Oran Mor composed by Scott Twynholm
Audio description and transcript
The track starts with stately, yearning music that gently expands in volume and sounds as though it’s echoing around a large space such as a large hall or cathedral. After about 20 seconds Alasdair’s voice joins the music:
“I’ve always felt that stories and pictures were a way of keeping people I knew alive and as they were. The portraits for instance, you know that, that [laughs] show people young and middle aged, long after they’re dead! And keep them remembered long after they’re forgotten, I hope. And the same if you make people characters in stories.
Anybody who has seen a lot of my work… book illustrative designs, mural paintings, will find certain faces and figures keep coming up in them. Certain symbolic or emblematic figures, like the winged embryo inside the skull, which for me is a way of reconciling life and death. Because I’m showing that death contains new life and, well life punches through death to take on a new form.

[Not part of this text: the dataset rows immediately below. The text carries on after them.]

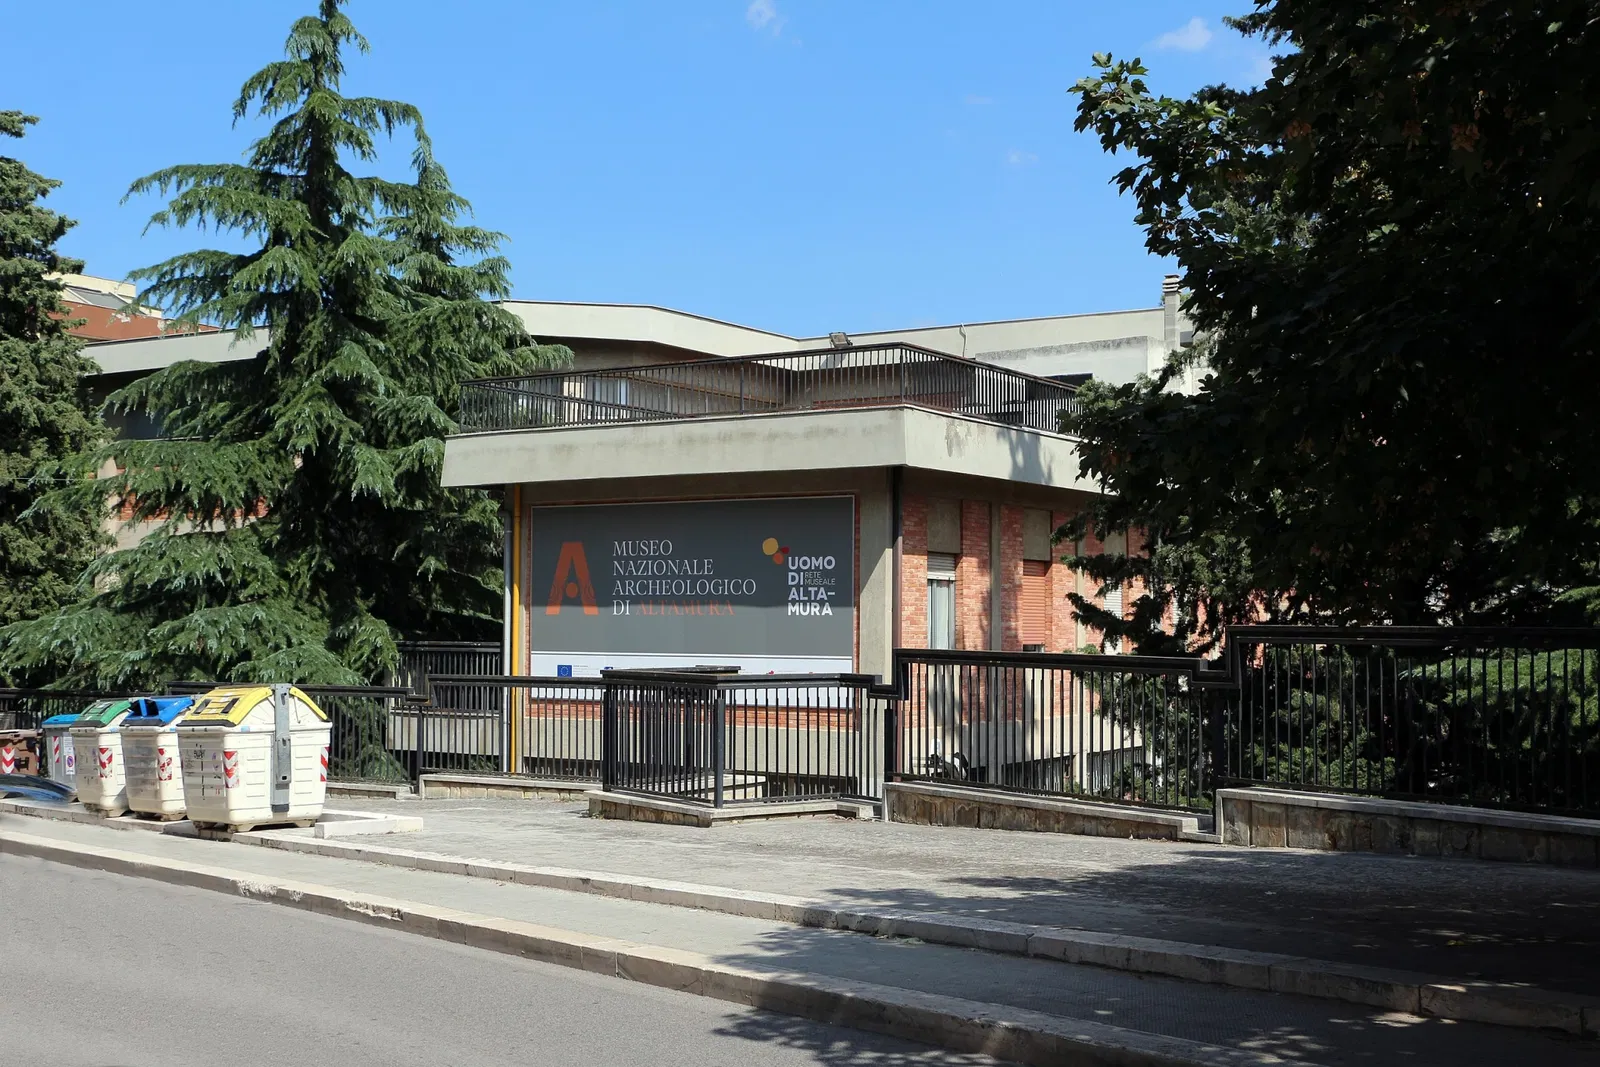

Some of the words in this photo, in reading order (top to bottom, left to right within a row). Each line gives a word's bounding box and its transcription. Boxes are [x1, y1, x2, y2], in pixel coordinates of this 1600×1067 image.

[613, 540, 673, 557] MUSEO
[613, 559, 714, 576] NAZIONALE
[788, 556, 836, 570] UOMO
[788, 572, 804, 586] DI
[612, 578, 757, 596] ARCHEOLOGICO
[788, 587, 836, 601] ALTA-
[613, 600, 630, 616] DI
[636, 600, 735, 616] ALTAMURA
[788, 602, 833, 616] MURA
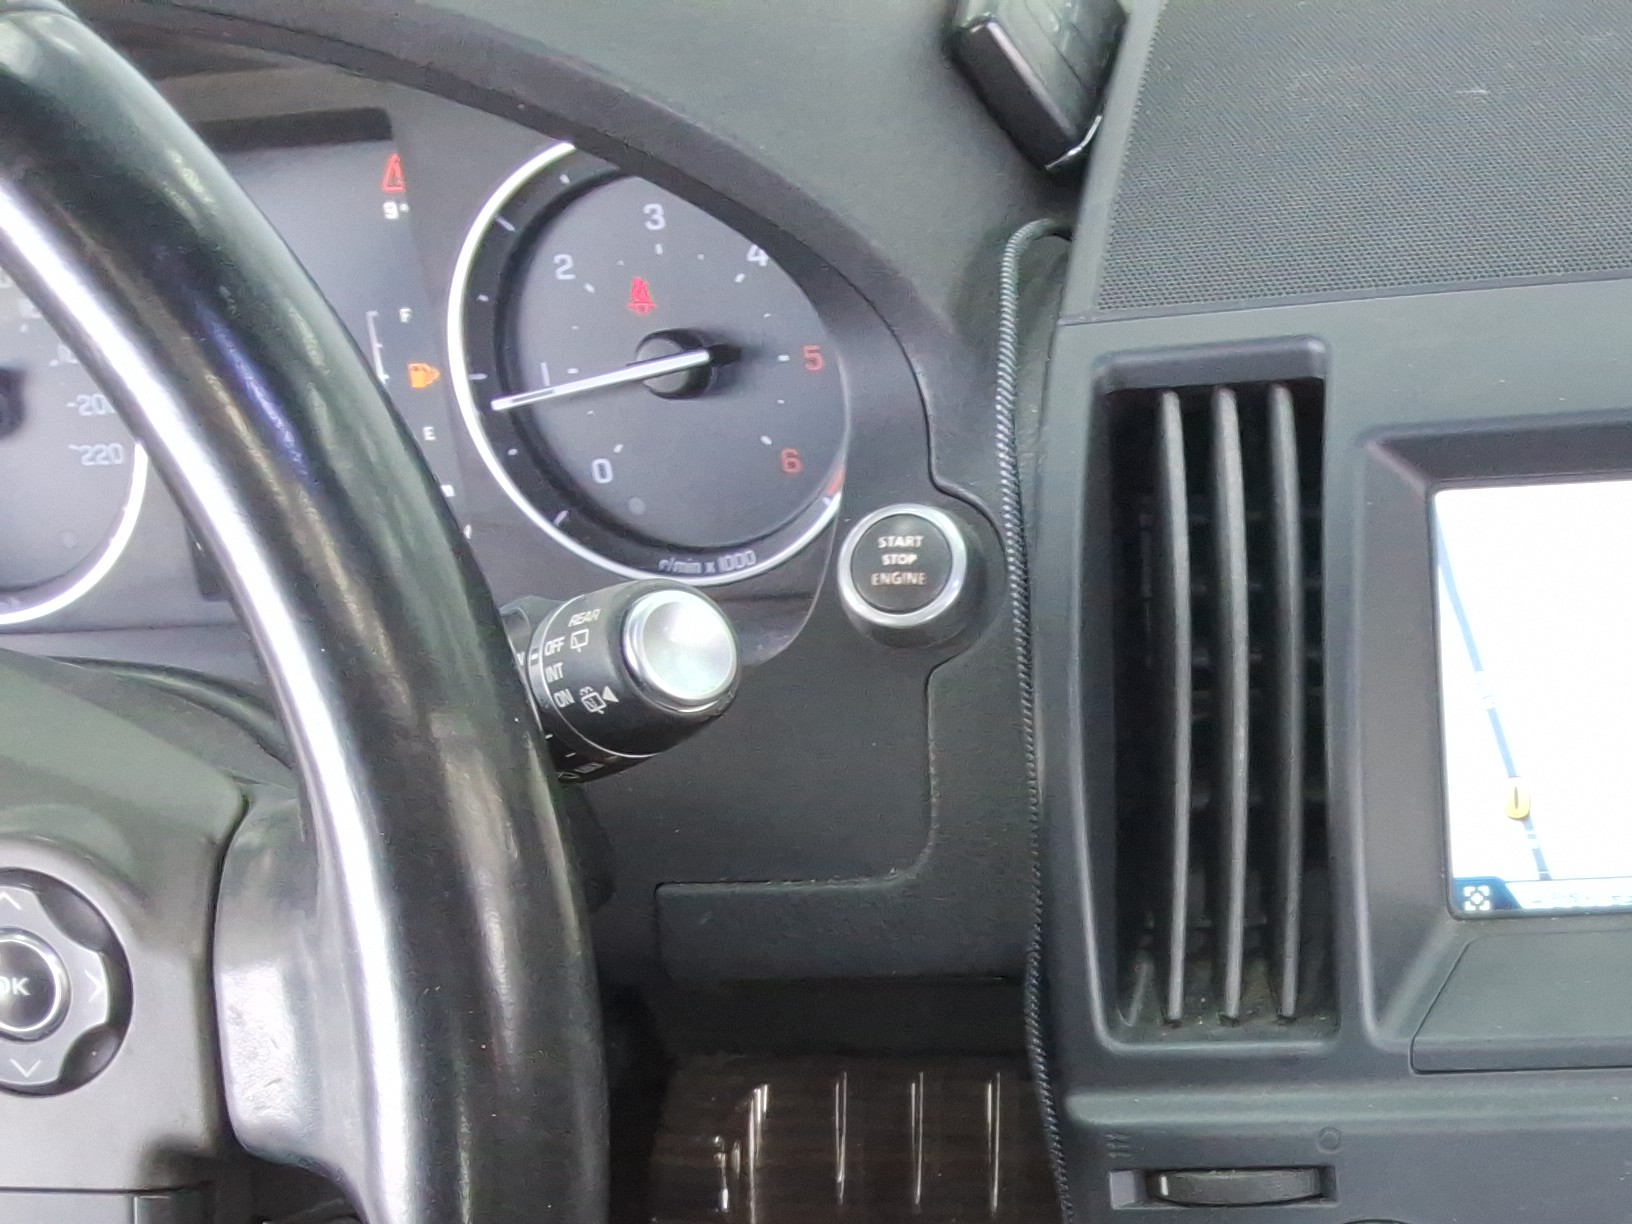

Many such figures I use and recycle. And many mottos. ‘Work as if you lived in the early days of better nation!’ I got that from Dennis Lee, a Canadian poet. And it seemed to me such a good idea. Such a good way of approaching your own work. Seeing yourself as, as something early! And something that could be made better.”
Alasdair stops talking and the music rises and swells briefly before slowly fading to a gentle close.